De même, il est inacceptable que l’on dessaisisse le Parlement de ses prérogatives en prévoyant de transposer par ordonnance six règlements et une directive dans les domaines suivants : la classification, l’étiquetage et l’emballage des substances et des mélanges ; l’enregistrement, l’évaluation et l’autorisation des substances chimiques, ainsi que les restrictions applicables à ces substances ; les dispositions relatives à certains gaz à effet de serre fluorés ; les dispositions relatives aux polluants organiques persistants ; les exportations et les importations de produits chimiques dangereux ; les dispositions relatives à des substances qui appauvrissent la couche d’ozone ; la mise sur le marché de produits biocides. Ces sujets ne sont pas secondaires, eux non plus.
Le titre II de la proposition de loi comprend des dispositions relatives à des professions et activités réglementées. Je l’ai dit, deux des quatre articles composant ce titre correspondent non seulement à des articles de la proposition de loi Warsmann, mais également à la transposition de la directive « services ». Ils concernent la profession de géomètre-expert, visée à l’article 3, et l’activité de direction ou de gérance d’une auto-école, à l’article 4. Cette méthode, que j’ai dénoncée, montre que le Gouvernement veut adopter en catimini des dispositions que nous n’avons de cesse de combattre, et qui mettent toutes les activités humaines en concurrence frontale.
Enfin, les dispositions du titre III, relatif aux transports, soulèvent à nos yeux bien des problèmes.
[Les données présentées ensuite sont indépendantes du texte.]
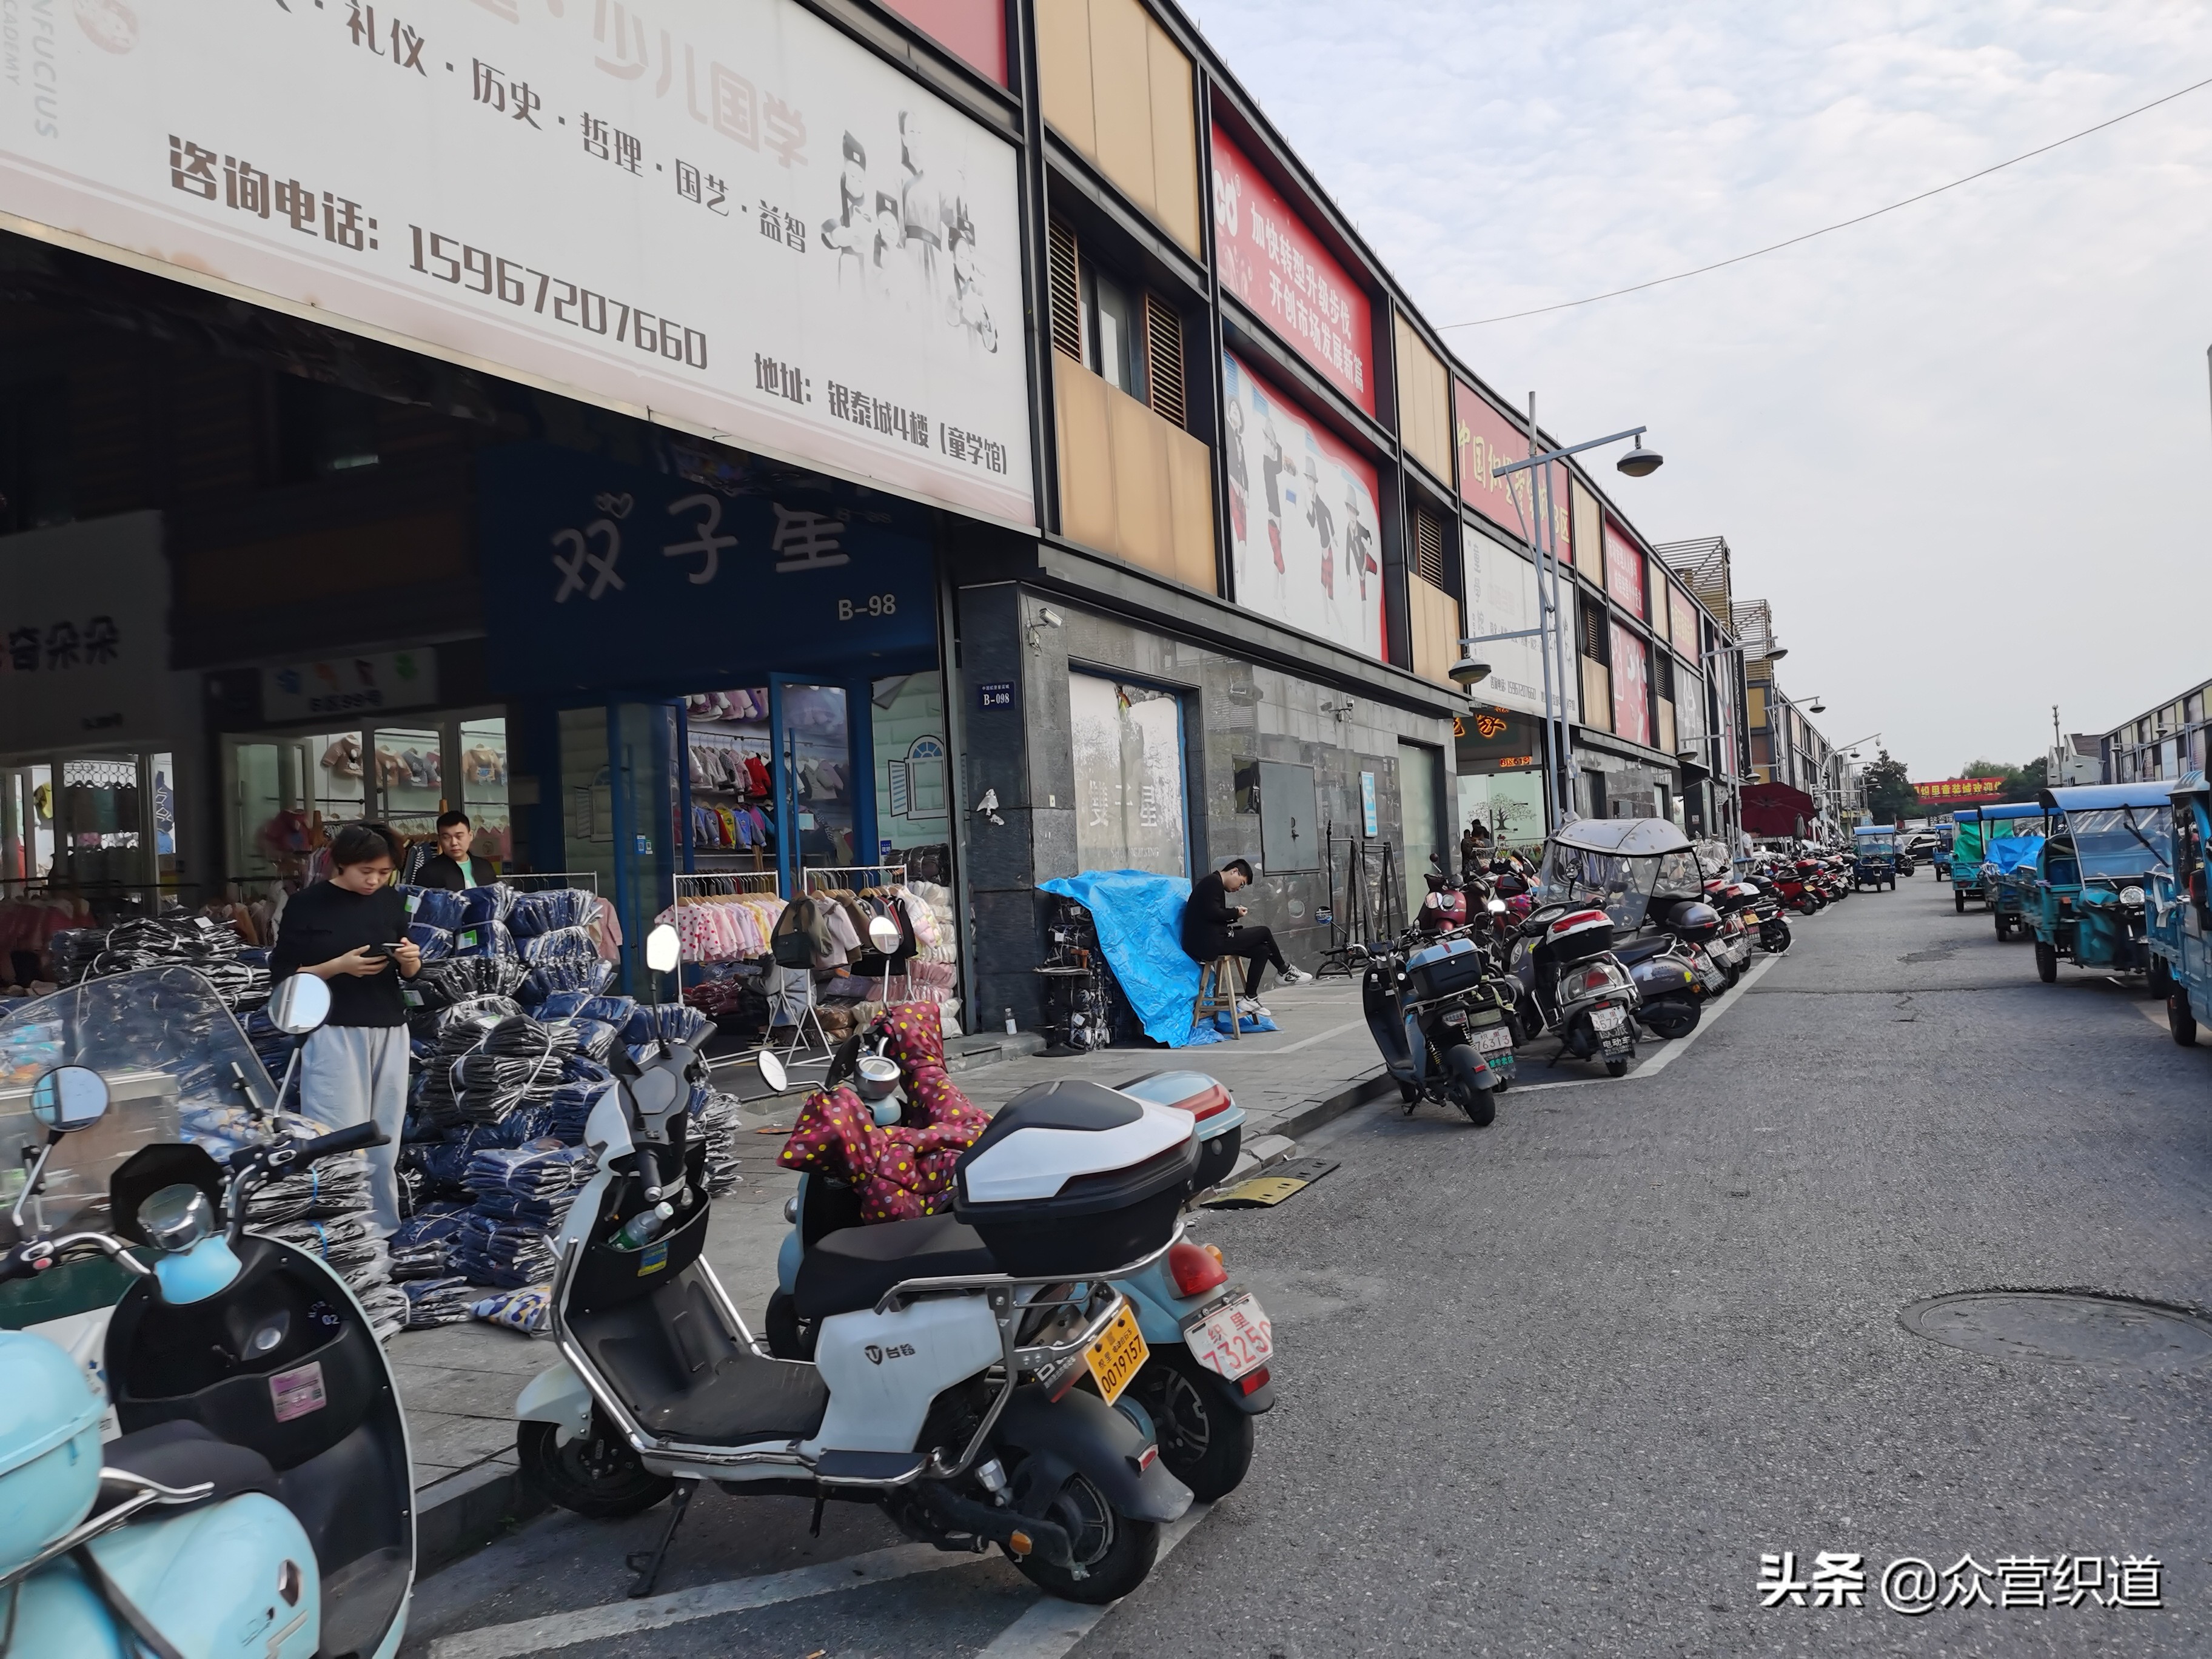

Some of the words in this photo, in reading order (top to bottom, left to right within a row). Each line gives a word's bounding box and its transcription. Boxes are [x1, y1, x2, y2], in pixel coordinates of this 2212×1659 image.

[1250, 201, 1352, 341] 加快转型升级步伐
[409, 224, 708, 370] 15967207660
[1269, 269, 1364, 394] 开创市场发展新篇
[838, 594, 896, 621] B-98
[984, 692, 1010, 705] B-098
[1474, 1035, 1510, 1051] 76313
[1602, 1036, 1631, 1048] 电动车
[1101, 1333, 1142, 1394] 0019157
Ainsi, nous craignons que l’article 7 ne constitue un premier pas vers un alourdissement des charges pesant sur les collectivités en matière de gestion des routes départementales. Aujourd’hui, en effet, l’essentiel du réseau est composé de ces routes. Il n’est donc pas exclu que le Gouvernement souhaite, dans un second temps, étendre à ce réseau les obligations d’audit. Si telle n’est pas votre intention, monsieur le secrétaire d’État, peut-être pourrez-vous nous apporter quelques éclaircissements.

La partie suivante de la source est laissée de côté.